The problem:
Every entry below should be written out again exactly.

#### Source data

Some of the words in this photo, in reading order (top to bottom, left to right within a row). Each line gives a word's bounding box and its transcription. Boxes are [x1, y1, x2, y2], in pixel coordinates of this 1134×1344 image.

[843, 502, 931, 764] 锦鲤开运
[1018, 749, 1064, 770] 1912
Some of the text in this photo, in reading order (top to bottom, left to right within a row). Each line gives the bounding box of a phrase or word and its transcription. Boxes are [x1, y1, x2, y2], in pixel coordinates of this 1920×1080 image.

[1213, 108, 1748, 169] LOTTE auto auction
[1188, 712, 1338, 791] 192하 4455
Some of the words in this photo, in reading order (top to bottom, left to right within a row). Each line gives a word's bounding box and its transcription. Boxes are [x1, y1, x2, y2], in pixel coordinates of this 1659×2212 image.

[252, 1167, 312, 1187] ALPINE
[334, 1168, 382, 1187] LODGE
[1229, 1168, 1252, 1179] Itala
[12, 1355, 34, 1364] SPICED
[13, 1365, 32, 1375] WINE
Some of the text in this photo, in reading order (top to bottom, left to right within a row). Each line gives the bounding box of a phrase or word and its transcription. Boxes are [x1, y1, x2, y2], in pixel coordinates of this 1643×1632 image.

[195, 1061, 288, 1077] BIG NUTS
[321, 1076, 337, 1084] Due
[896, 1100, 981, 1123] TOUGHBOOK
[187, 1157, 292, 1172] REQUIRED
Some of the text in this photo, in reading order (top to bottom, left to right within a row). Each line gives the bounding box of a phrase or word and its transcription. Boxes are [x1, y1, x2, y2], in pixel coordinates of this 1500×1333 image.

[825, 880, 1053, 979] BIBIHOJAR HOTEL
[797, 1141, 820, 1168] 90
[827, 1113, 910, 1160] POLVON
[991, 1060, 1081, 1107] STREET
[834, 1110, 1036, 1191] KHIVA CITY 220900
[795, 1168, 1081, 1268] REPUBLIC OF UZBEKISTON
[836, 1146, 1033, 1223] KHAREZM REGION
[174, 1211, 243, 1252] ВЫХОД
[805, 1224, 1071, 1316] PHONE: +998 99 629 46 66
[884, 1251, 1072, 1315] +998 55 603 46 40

########

Solution to this task:
Some of the words in this photo, in reading order (top to bottom, left to right within a row). Each line gives a word's bounding box and its transcription. Boxes are [x1, y1, x2, y2], in pixel coordinates of this 1134×1344 image.

[843, 502, 931, 764] 锦鲤开运
[1018, 749, 1064, 770] 1912
Some of the text in this photo, in reading order (top to bottom, left to right within a row). Each line gives the bounding box of a phrase or word and its transcription. Boxes are [x1, y1, x2, y2], in pixel coordinates of this 1920×1080 image.

[1213, 108, 1748, 169] LOTTE auto auction
[1188, 712, 1338, 791] 192하 4455
Some of the words in this photo, in reading order (top to bottom, left to right within a row). Each line gives a word's bounding box and its transcription. Boxes are [x1, y1, x2, y2], in pixel coordinates of this 1659×2212 image.

[252, 1167, 312, 1187] ALPINE
[334, 1168, 382, 1187] LODGE
[1229, 1168, 1252, 1179] Itala
[12, 1355, 34, 1364] SPICED
[13, 1365, 32, 1375] WINE
Some of the text in this photo, in reading order (top to bottom, left to right within a row). Each line gives the bounding box of a phrase or word and its transcription. Boxes are [x1, y1, x2, y2], in pixel coordinates of this 1643×1632 image.

[195, 1061, 288, 1077] BIG NUTS
[321, 1076, 337, 1084] Due
[896, 1100, 981, 1123] TOUGHBOOK
[187, 1157, 292, 1172] REQUIRED
Some of the text in this photo, in reading order (top to bottom, left to right within a row). Each line gives the bounding box of a phrase or word and its transcription. Boxes are [x1, y1, x2, y2], in pixel coordinates of this 1500×1333 image.

[825, 880, 1053, 979] BIBIHOJAR HOTEL
[797, 1141, 820, 1168] 90
[827, 1113, 910, 1160] POLVON
[991, 1060, 1081, 1107] STREET
[834, 1110, 1036, 1191] KHIVA CITY 220900
[795, 1168, 1081, 1268] REPUBLIC OF UZBEKISTON
[836, 1146, 1033, 1223] KHAREZM REGION
[174, 1211, 243, 1252] ВЫХОД
[805, 1224, 1071, 1316] PHONE: +998 99 629 46 66
[884, 1251, 1072, 1315] +998 55 603 46 40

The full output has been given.